Hace algunos meses, mientras servía como misionero en Columbus, Ohio, el élder Averett recibió un diagnóstico que nadie esperaba: leucemia.
Hasta ese momento, parecía estar bien. No había señales que hicieran pensar en algo grave. Sin embargo, su estado empeoró con rapidez y los médicos lo trasladaron de urgencia a un centro oncológico, donde iniciaron quimioterapia casi de inmediato.
Desde entonces, su vida cambió por completo.
Lo que comenzó como una emergencia médica se transformó en una nueva etapa marcada por tratamientos, hospitalizaciones y decisiones difíciles. De un día a otro, su misión tomó una forma distinta. Pasó de enseñar y servir en las calles a enfrentar uno de los desafíos más grandes de su vida.
Su familia ha acompañado cada paso del proceso y ha compartido cómo estos meses han estado llenos de momentos complejos. Han enfrentado semanas en las que los resultados parecían alentadores y otras en las que la incertidumbre volvió a instalarse.
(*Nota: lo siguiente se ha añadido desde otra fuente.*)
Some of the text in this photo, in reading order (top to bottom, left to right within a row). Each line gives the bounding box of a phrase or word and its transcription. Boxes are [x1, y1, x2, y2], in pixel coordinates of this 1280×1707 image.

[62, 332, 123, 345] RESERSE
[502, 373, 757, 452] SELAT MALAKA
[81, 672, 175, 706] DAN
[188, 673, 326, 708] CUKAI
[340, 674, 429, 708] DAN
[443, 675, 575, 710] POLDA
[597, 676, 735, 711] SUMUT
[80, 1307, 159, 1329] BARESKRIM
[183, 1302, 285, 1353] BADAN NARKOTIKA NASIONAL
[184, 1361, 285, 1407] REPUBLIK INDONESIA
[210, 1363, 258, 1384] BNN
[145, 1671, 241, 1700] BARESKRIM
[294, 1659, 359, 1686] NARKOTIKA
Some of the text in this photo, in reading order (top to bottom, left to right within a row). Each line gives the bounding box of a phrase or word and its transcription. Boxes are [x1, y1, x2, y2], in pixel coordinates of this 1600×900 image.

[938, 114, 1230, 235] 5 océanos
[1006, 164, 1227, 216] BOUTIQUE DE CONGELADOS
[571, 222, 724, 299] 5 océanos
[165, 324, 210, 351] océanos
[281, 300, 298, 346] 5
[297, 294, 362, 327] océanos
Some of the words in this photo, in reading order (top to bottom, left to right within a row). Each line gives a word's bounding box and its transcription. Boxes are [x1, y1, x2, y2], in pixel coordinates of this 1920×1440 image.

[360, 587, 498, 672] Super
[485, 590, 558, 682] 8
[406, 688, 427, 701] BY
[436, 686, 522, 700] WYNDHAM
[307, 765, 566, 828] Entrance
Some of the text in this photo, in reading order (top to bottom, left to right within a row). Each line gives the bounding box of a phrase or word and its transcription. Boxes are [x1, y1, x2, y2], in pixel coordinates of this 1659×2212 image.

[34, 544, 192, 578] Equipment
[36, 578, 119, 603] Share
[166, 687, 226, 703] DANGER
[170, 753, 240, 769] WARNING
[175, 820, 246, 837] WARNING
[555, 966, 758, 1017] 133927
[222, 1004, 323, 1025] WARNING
Durante este tiempo, el élder Averett ha atravesado varios ciclos de quimioterapia que han exigido mucho de él, tanto física como emocionalmente.
Su madre, Tynna, ha comentado que, incluso en medio del tratamiento, él ha sentido paz y gozo. No porque la situación sea sencilla, sino porque ha encontrado consuelo en su fe.
Quienes lo acompañan de cerca han notado que su ánimo no depende únicamente de los reportes médicos. En medio del cansancio y las dificultades, él ha decidido mantenerse firme.
Recientemente, su familia compartió una actualización que marcó un nuevo momento en el proceso.
Tras tres ciclos de quimioterapia, el cáncer continuó avanzando.

Ahora se prepara para un trasplante de médula ósea.
Este viernes ingresará al hospital para comenzar la quimioterapia más fuerte hasta ahora, como preparación para el trasplante previsto para el 25 de febrero.
Recibir esta noticia no ha sido fácil, aun así, su familia continúa orando por un milagro.
También han compartido que, a pesar del cansancio acumulado y la dureza del tratamiento, él mantiene el ánimo. Cada día decide levantarse y seguir adelante.
No ignora la realidad que enfrenta. Ha decidido vivirla con esperanza.
Personas cercanas a la familia han expresado que su actitud ha sido una fuente de fortaleza para quienes lo rodean. Su manera de afrontar la enfermedad ha impactado no solo a sus seres queridos, sino también a quienes han conocido su historia desde la distancia.

Amigos, miembros de su comunidad e incluso personas que no lo conocen personalmente se han unido en apoyo. Muchos han enviado mensajes, palabras de ánimo y, sobre todo, han ofrecido oraciones.
Ese acompañamiento ha sido significativo para la familia.
Saber que no atraviesan este momento solos les ha dado fuerzas para seguir avanzando.
A medida que se acerca el trasplante del 25 de febrero, el panorama continúa siendo incierto.
Existen preocupaciones, preguntas y momentos de temor, pero también existe confianza.
Confianza en que Dios sigue presente incluso cuando el camino no resulta claro.
Mientras atraviesan esta etapa, su familia agradece el amor que han recibido y pide que quienes lo deseen continúen acompañándolos con sus oraciones.